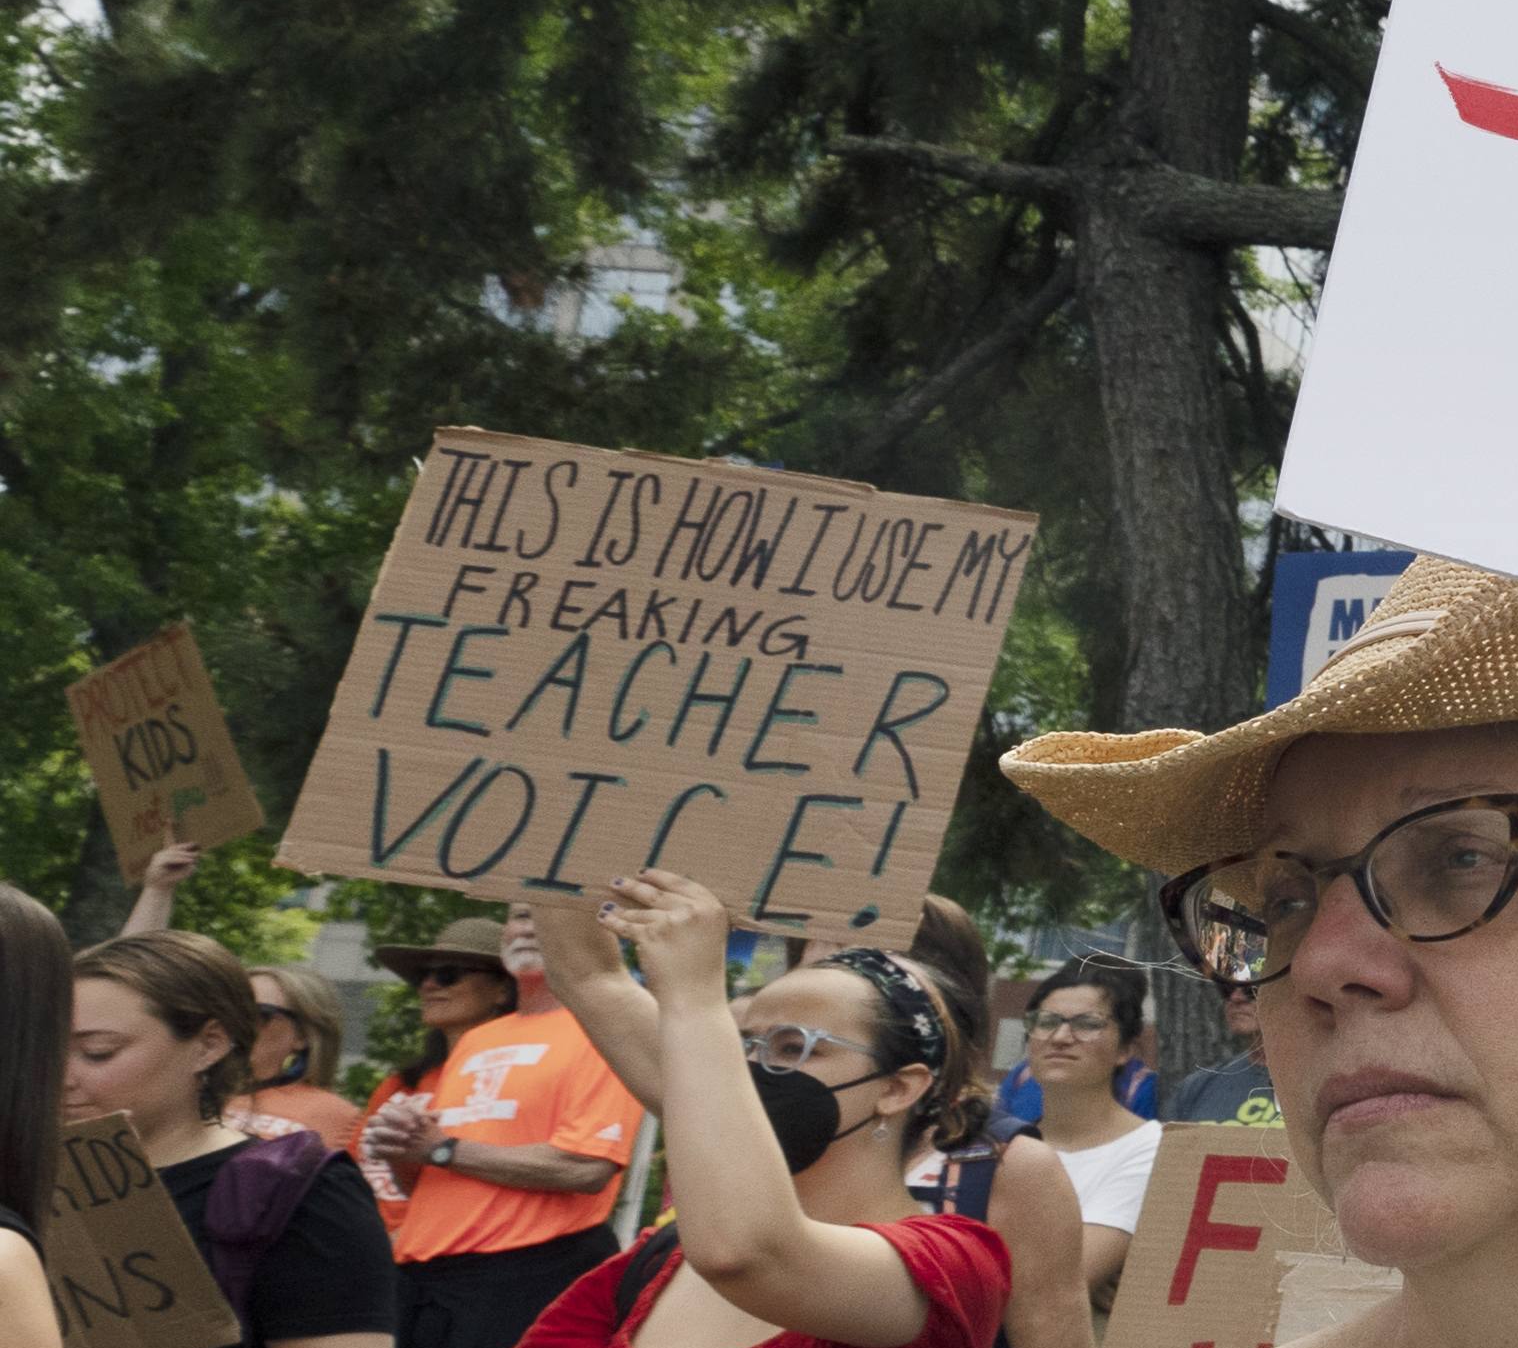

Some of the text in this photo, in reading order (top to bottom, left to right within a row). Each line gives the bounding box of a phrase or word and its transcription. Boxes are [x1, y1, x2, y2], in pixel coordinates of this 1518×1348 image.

[424, 447, 1033, 624] THIS IS HOW I USE MY
[441, 563, 810, 661] FREAKING
[112, 702, 198, 792] KIDS
[368, 611, 953, 801] TEACHER
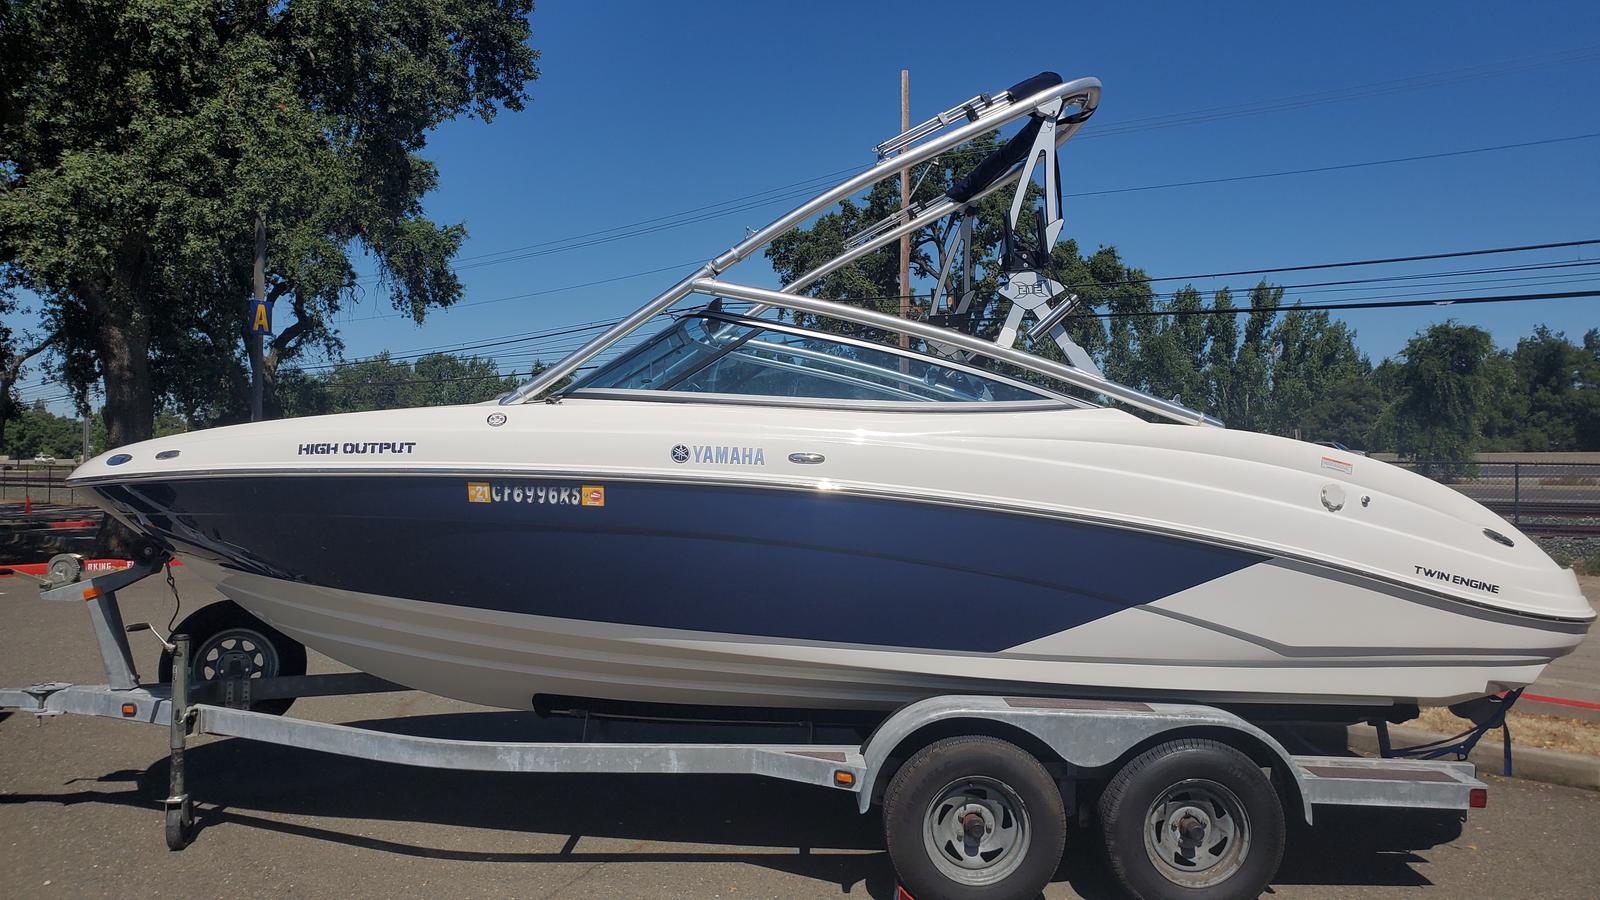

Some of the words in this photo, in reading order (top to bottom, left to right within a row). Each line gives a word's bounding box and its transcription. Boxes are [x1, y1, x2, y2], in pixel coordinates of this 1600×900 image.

--- --- ---

▸ WHAT YOU ARE ASKED TO DO:
Send back the listing exactly as it stands. Do not include the pictures.

▸ ANSWER:
Some of the text in this photo, in reading order (top to bottom, left to right within a row). Each line gives the bounding box of a phrase or word and its transcription. Boxes are [x1, y1, x2, y2], in pixel coordinates of this 1518×1348 image.

[424, 447, 1033, 624] THIS IS HOW I USE MY
[441, 563, 810, 661] FREAKING
[112, 702, 198, 792] KIDS
[368, 611, 953, 801] TEACHER

Some of the words in this photo, in reading order (top to bottom, left to right within a row). Each line gives a word's bounding box and its transcription. Boxes are [x1, y1, x2, y2], in pixel coordinates of this 1600×900 image.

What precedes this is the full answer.